I Know I Look Tired, and I Am Proud
It is not uncommon for someone to comment on how tired I look. I know I look tired, thank you. Whether the observation comes from a stranger or friend, however, it still tricks me into believing that my outward appearance is anything less than striking. While beautiful things may grow from peace and perfection, they blossom from chaos and adversity.
So I must remind myself not to be ashamed of my greasy, messy hair. There is no shame in rocking the same ponytail day in and day out if that is all my body allows. I try in vain to keep the smudged mascara a secret, too. It is unwanted evidence of my tears, of the way my eyes water when my stomach acid works its way up to my mouth, of my failed attempts to keep from rubbing at my eyes when I am exhausted. The results are sad eyes and a dampened spirit. They also happen to be undeniable evidence of my resilience.

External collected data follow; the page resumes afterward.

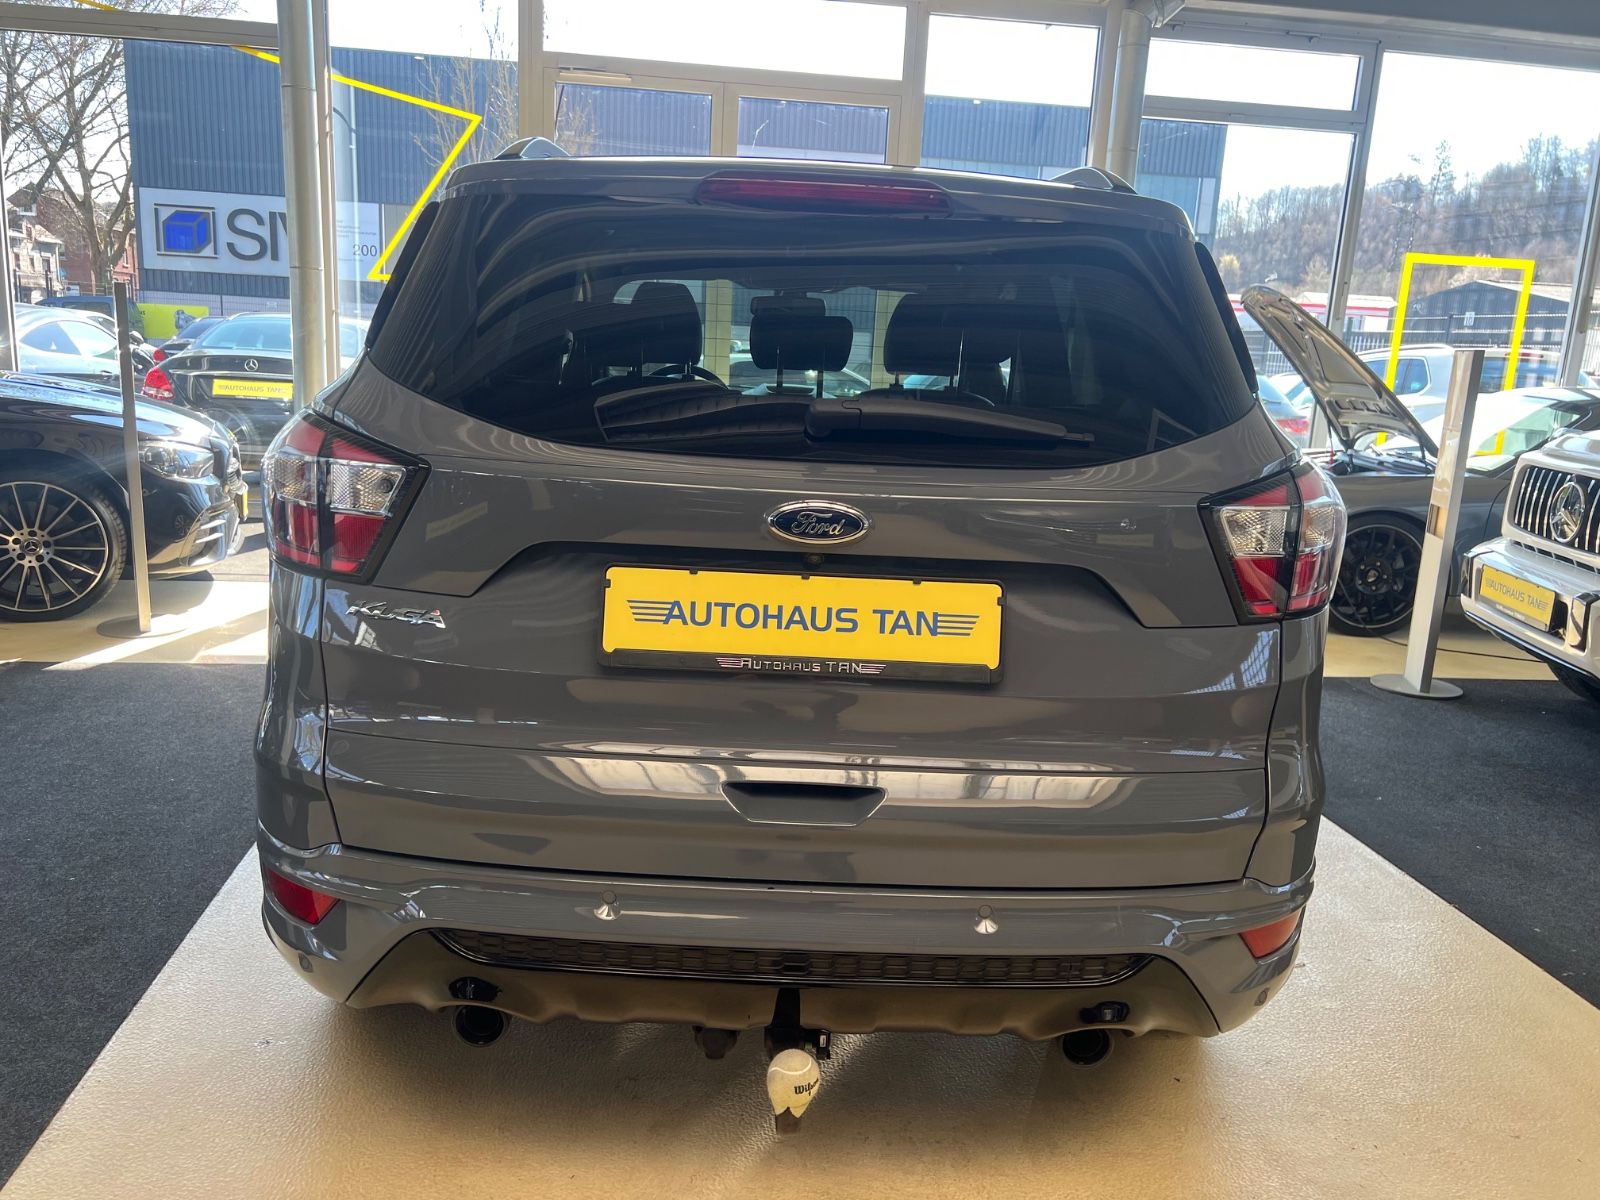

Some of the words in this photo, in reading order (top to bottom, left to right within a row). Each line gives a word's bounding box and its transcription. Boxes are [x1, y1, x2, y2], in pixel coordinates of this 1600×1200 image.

[791, 511, 846, 534] Ford
[1489, 580, 1526, 602] AUTOHAUS
[1527, 594, 1541, 609] TAN
[662, 600, 858, 633] AUTOHAUS
[872, 609, 938, 637] TAN
[825, 661, 862, 675] TAN
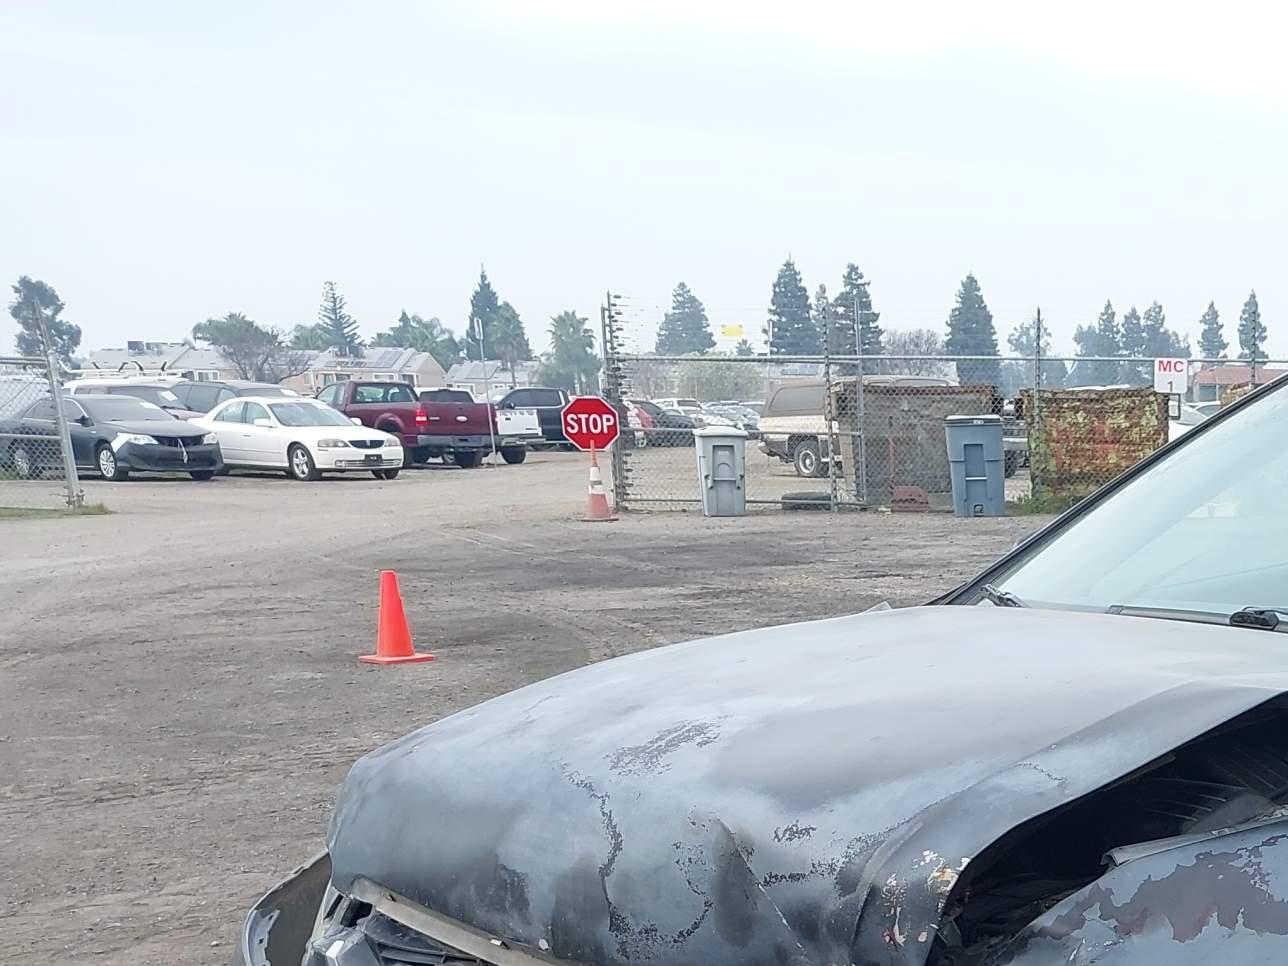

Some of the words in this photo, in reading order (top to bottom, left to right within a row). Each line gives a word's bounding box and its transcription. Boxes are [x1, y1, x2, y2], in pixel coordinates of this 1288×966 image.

[1158, 360, 1184, 373] MC
[1167, 380, 1174, 393] 1
[566, 413, 615, 434] STOP
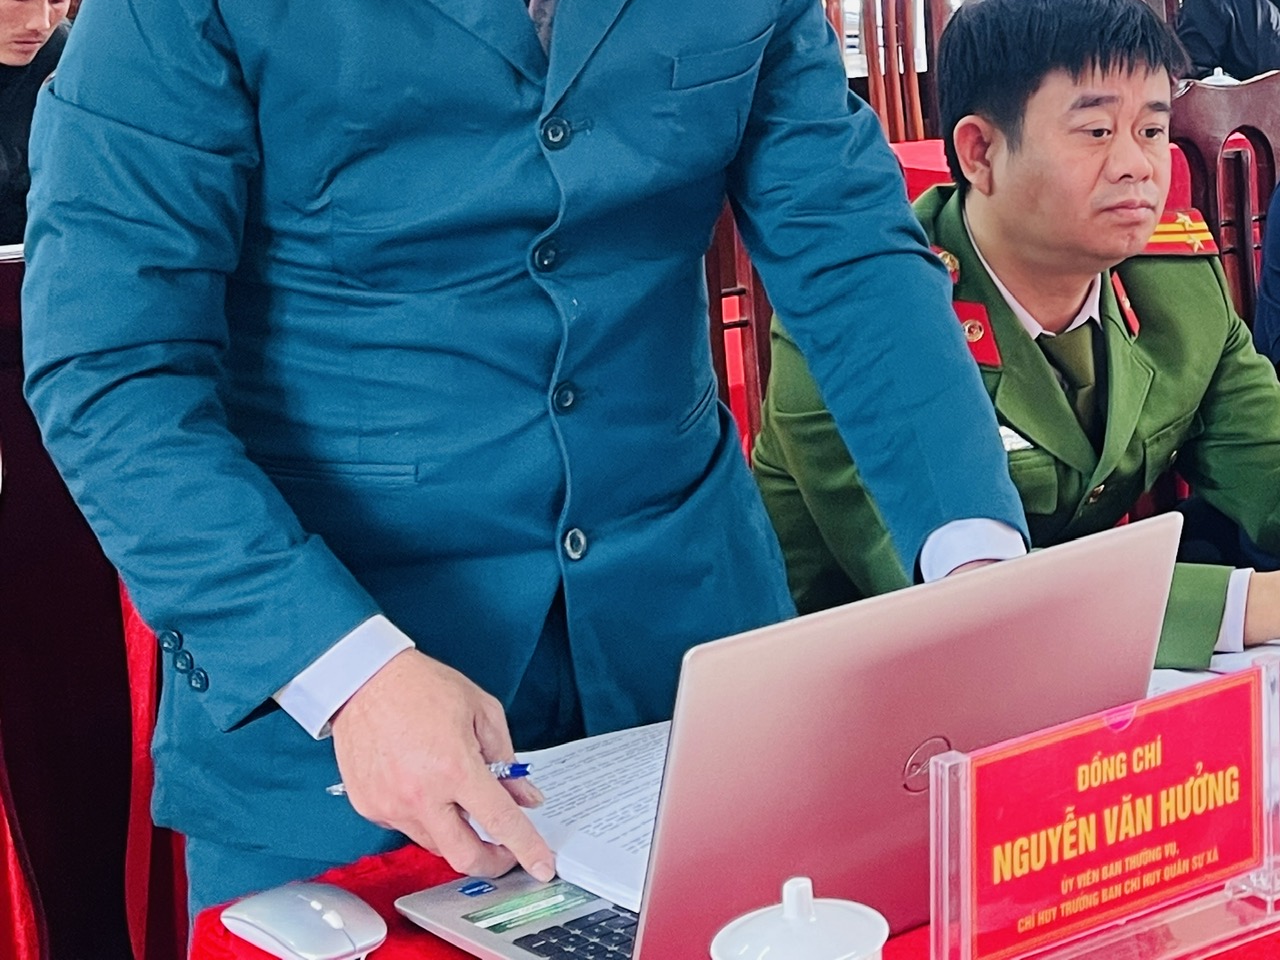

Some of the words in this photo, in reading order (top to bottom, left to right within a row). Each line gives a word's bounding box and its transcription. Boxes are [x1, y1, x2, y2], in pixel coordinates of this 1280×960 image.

[1076, 751, 1127, 792] ĐỒNG
[1132, 734, 1162, 774] CHÍ
[993, 805, 1097, 885] NGUYỄN
[1103, 793, 1153, 846] VĂN
[1160, 761, 1239, 827] HƯỞNG
[1037, 909, 1057, 927] HUY
[1101, 884, 1122, 903] BAN
[1143, 868, 1162, 889] HUY
[1101, 860, 1122, 880] BAN

I know I don’t dress particularly well either, and that’s OK. The limited energy I have is better spent feeding myself, remembering to take my medications, or dragging myself to the bathroom. If you could see underneath my sweatpants and baggy shirts, however, you’d see I am skinny in some parts and quickly gaining weight in others. The fading memories of summer days spent running miles are replaced by the harsh reality of struggles up the stairs and across parking lots. Yet whether it be a foot or a mile — I am doing my best.
The exponentially darkening circles under my eyes are unmistakable. They are souvenirs of nights spent in agony. Shooting, stabbing pains and inflammation that keep me up no matter how tired I am. None of my peers or coworkers will ever know this part of my life. I myself will only vaguely remember begging a higher power for peace the next morning, when I hope and pray for the best.
The braces I sport on my wrists are so I have a fighting chance of using them that day. At times, my braces are the only outward sign that there is anything wrong, and yet being able to rely on my body to catch me is no longer something I can take for granted. I know now that my hands are gifts, and the moments I am able to use them are blessings.
I work hard to keep in mind that all these things are exactly what make me a warrior. It is a constant back and forth between mourning who I used to be and accepting what is happening to my body now. It is easier to make peace with my situation on some days than on others.
Nothing is sacred with chronic illness. It leaves no stone in your life unturned. It took sleep, and peace with it. It stole hunger, hope, and convenience. It took everything I thought I was, so I filled the space with strength, persistence, and a fire in my heart. I refused to fall, so I blossomed.